I am supposed to be writing a speech about the Constitution, a speech I am supposed to give at a competition on Sunday. Whoops. But instead I am sharing a conversation that just happened. The exact conversation, word for word.

Mom: How's the speech coming?
Hayley: Okay.
Mom: Just okay, not amazing?
Hayley: Well, I write better at night.
Mom: Like those people who say they write better songs when they're smoking marijuana.
Hayley: Those songs are better.
Mom: No, it seems better because you're impaired. 

Staying up late is apparently comparable to drug use. But no, that's not what piqued my interest in transferring the writing from the topic of the Constitution to this post. Marijuana, man. In the past two years, my views on drugs have been horrifically mutilated, undergoing facelift after facelift. I'm not sure I even know what my views are anymore, much less do I have any philosophical justification for them. But I've always been confused on marijuana.

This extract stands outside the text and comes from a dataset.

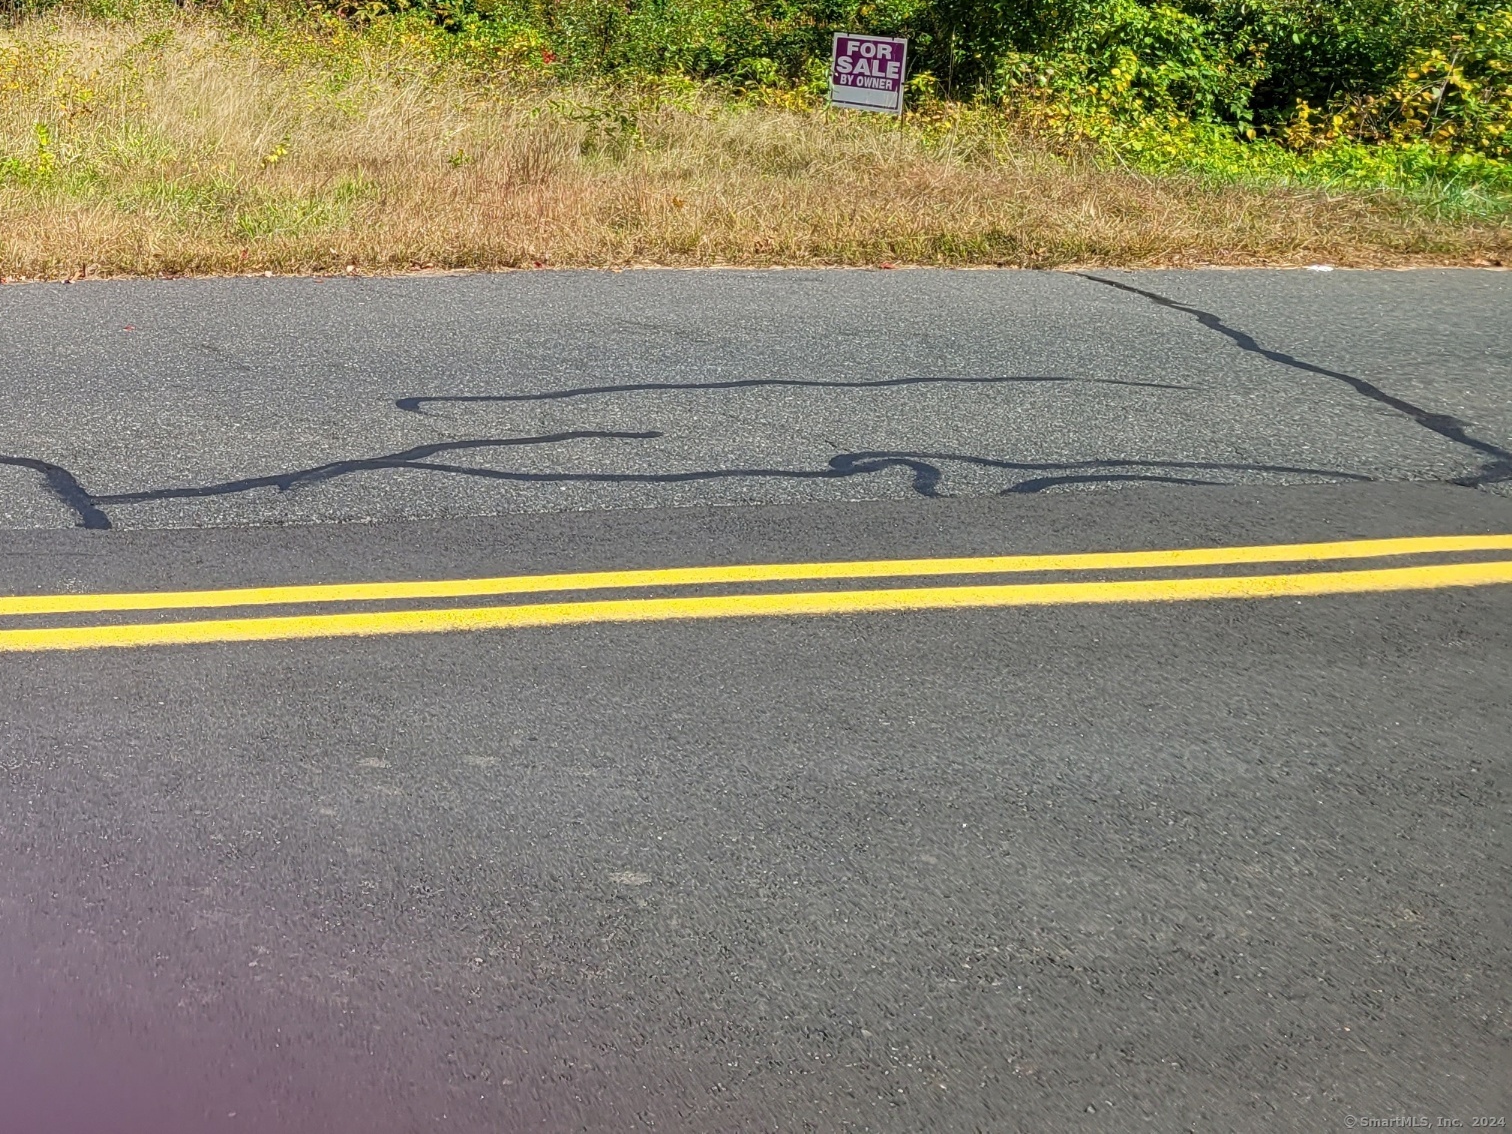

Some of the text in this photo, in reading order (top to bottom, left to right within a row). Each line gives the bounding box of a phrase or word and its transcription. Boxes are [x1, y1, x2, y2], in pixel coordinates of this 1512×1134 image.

[847, 41, 892, 59] FOR
[836, 56, 900, 79] SALE
[840, 74, 892, 90] BY OWNER

I read an awful novel Can't Get There From Here about homeless teens in New York, and when panhandling their leader instructed them to write "Need Money for Marywana" on their signs. Because even though they wanted the money for food, no one believed them. They got more money for being "honest" than just outright begging. Because the people who gave these kids money assumed they were in the weeds with their drug use anyway. (Pardon the pun.) 

But marijuana has no inherent negative health effects. (Besides the obvious one of inhaling smoke in general.) Marijuana only causes dependency in extremely heavy users. Marijuana actually has select health benefits and limited side-effects. In light of all this, the main tenet behind marijuana's prohibition is that is a gateway drug. That strikes me as a funny law - this is illegal not because it's bad but because it could possibly lead to things that are bad. What? Of course.

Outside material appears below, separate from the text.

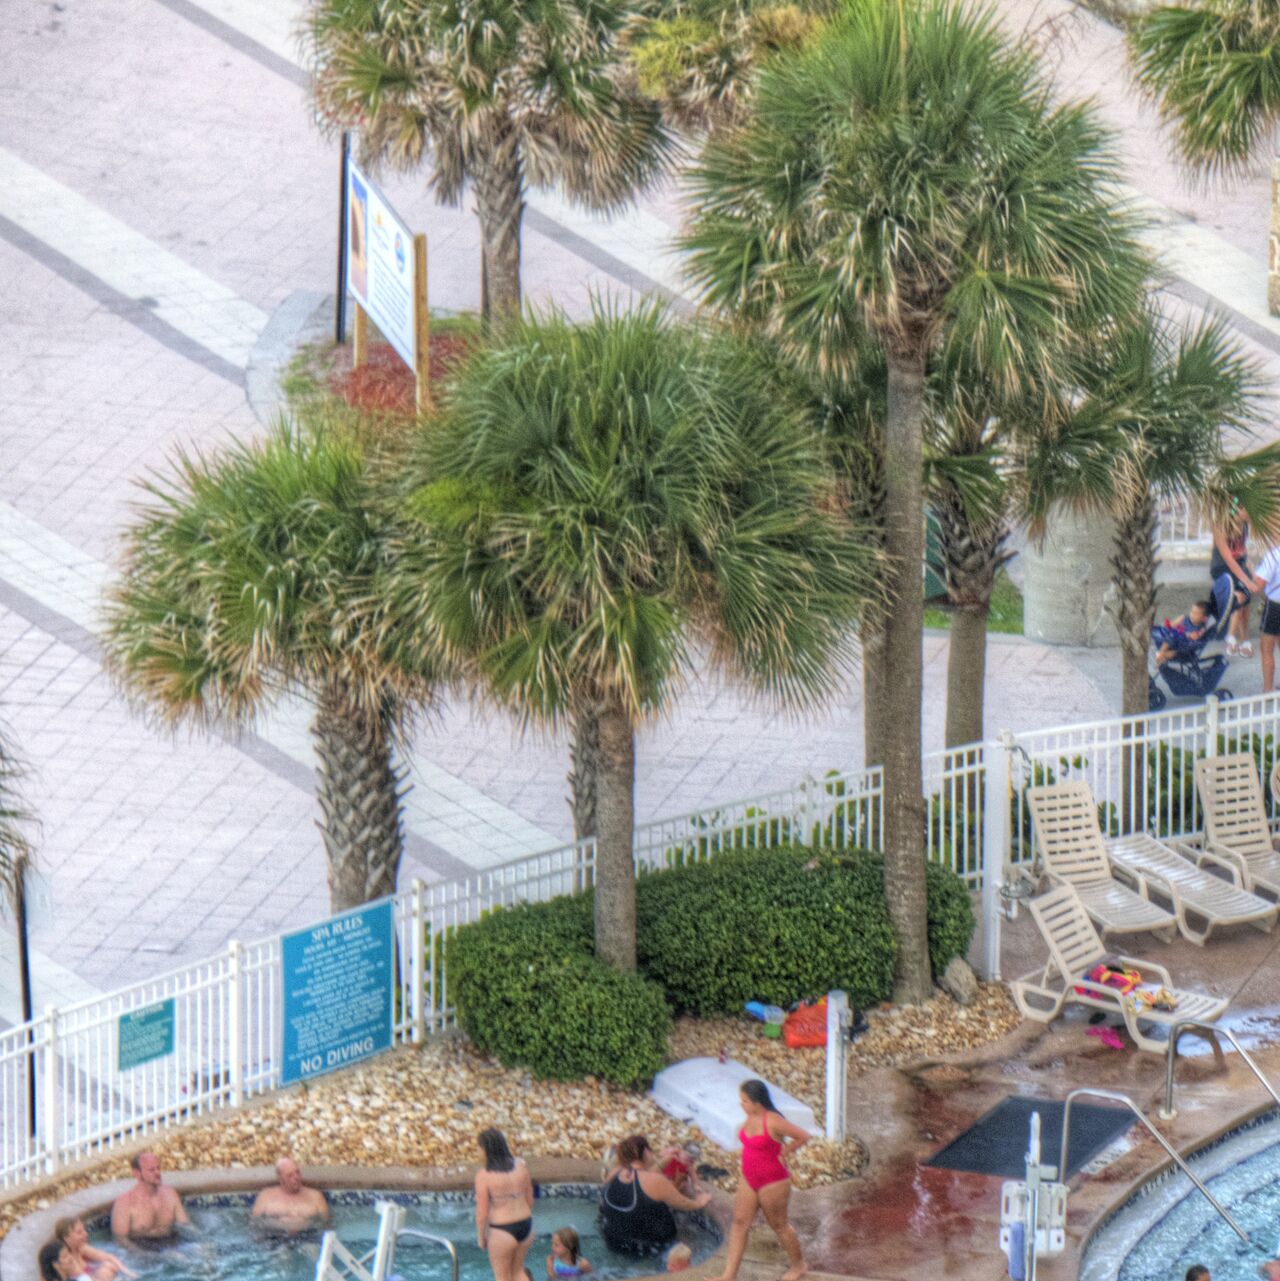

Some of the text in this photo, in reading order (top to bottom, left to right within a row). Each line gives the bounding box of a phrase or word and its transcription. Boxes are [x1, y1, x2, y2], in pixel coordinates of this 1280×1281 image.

[311, 915, 364, 943] SPA RULES
[300, 1037, 375, 1074] NO DIVING

That actually might be true. I have no idea, I'm not an expert. I can only speak from personal experience. In San Francisco, it was cocaine that litter the streets, not marijuana. The police officers we interviewed said the biggest problem in the Tenderloin District was meth, with heroin a close second. Even in Golden Gate Park, the organic hippy drug capital, marijuana wasn't that prevalent. So I can't help but question, as much as I hate drugs and what they do to people, is marijuana worth prohibiting? 

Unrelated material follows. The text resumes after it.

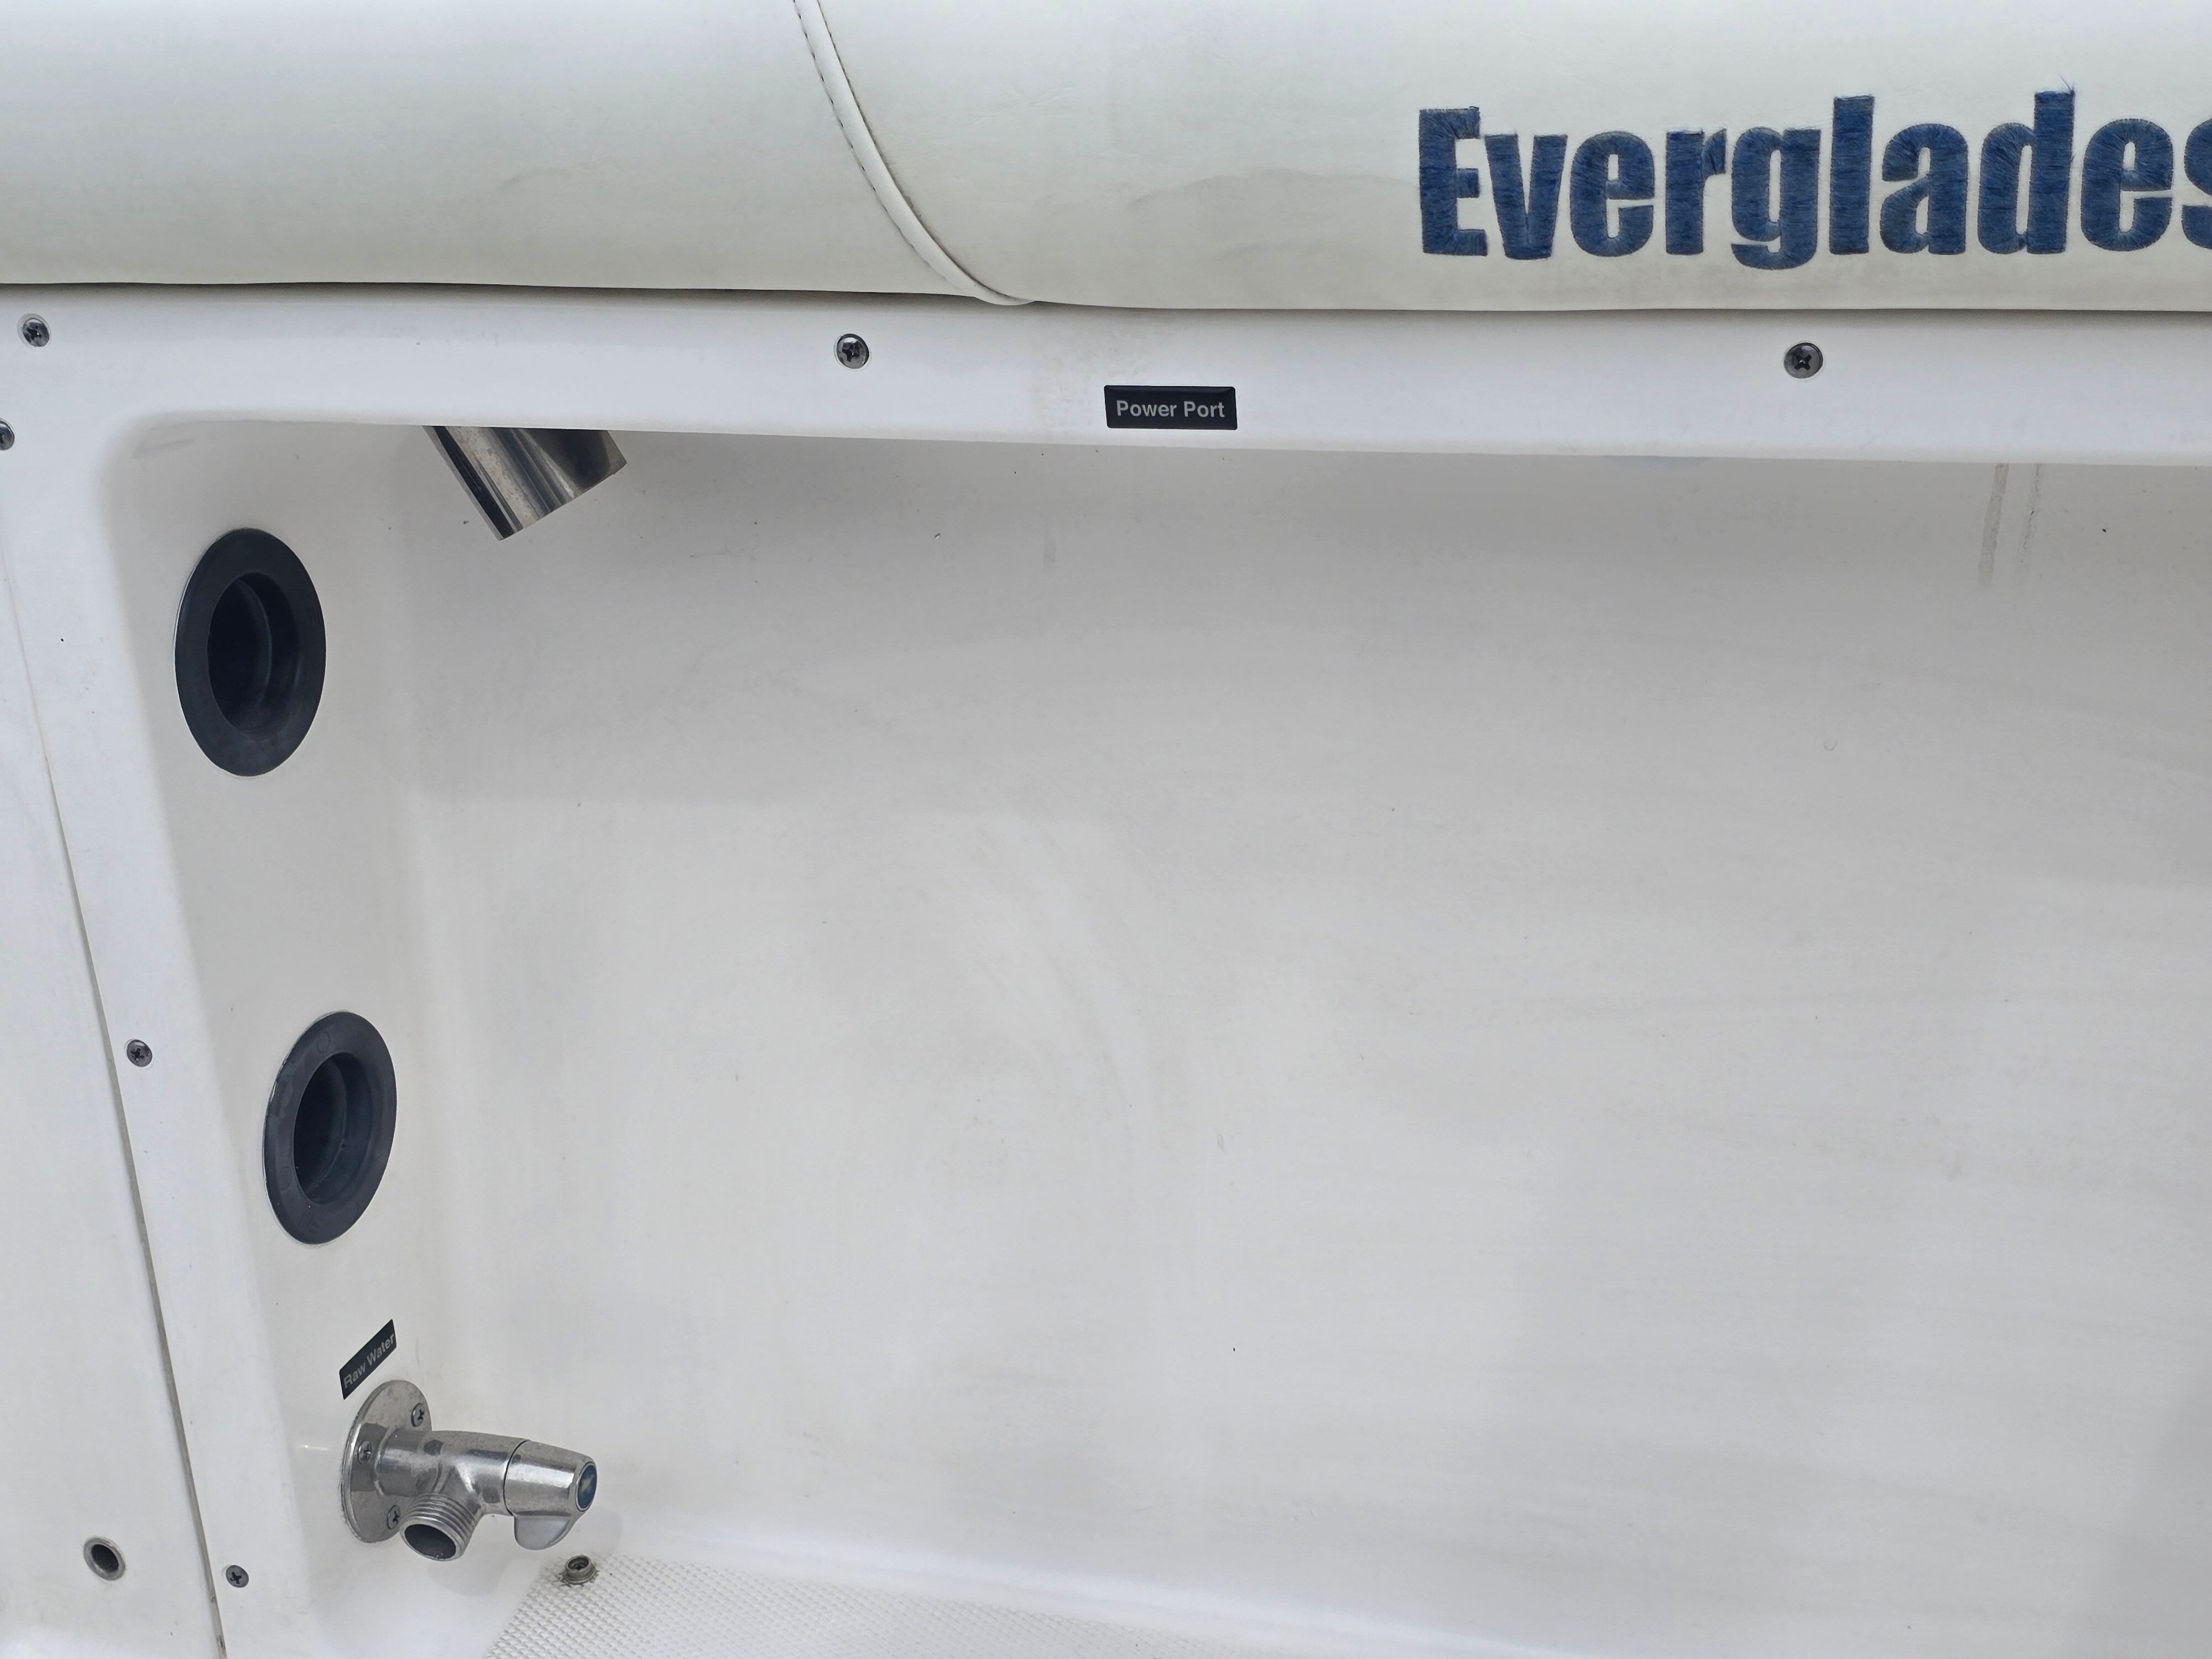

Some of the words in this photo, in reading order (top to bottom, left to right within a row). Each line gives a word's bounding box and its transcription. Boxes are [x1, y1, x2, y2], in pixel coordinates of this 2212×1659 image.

[1117, 400, 1177, 417] Power
[1183, 401, 1225, 418] Port
[343, 1362, 366, 1389] Raw
[367, 1333, 394, 1366] Water

Maybe it is. But I can't help but wonder when I look at the price society pays while marijuana is illegal, is there a good reason why we passed these laws?

4 comments:

Micah E. said...

I remember during confidential sources year (that's going back a ways) before I bailed on debate, our club met with a journalist to get an inside perspective on sources. One of the examples they brought up was how they wrote an article confidentially about their use of medical marijuana... apparently, there is a whole (illicit) organization that works to get marijuana to people who need it medically. I can't imagine that they're working without federal knowledge.

That, and there was weed everywhere at the YWAM base in Samoa, syrsly, we had to clear a bunch of it away when we were setting up our dig site.

Art said...

I have no insight that can shed light on this dilemma, but... I didn't realize you had a [current] blog until today.

How did I miss it?

You are a committed blogger. I love you.

A&A said...

Micah, exactly. Marijuana is so prevalent, you'd think it's actually legal. I mean, I could easily get my hands on some weed any time I wanted. Marijuana /abuse/ rates are tiny, especially when compared with marijuana /use/ rates. Somehow all of that doesn't seem to add up with the people getting sent to jail for possession. I'm not sure that's justice.

Art said...

What about this article: http://www.cato.org/pub_display.php?pub_id=9942

The basic premise it argues is that marijuana only hurts yourself; since you're not infringing on anyone else's liberty, there's no need for it to be illegal.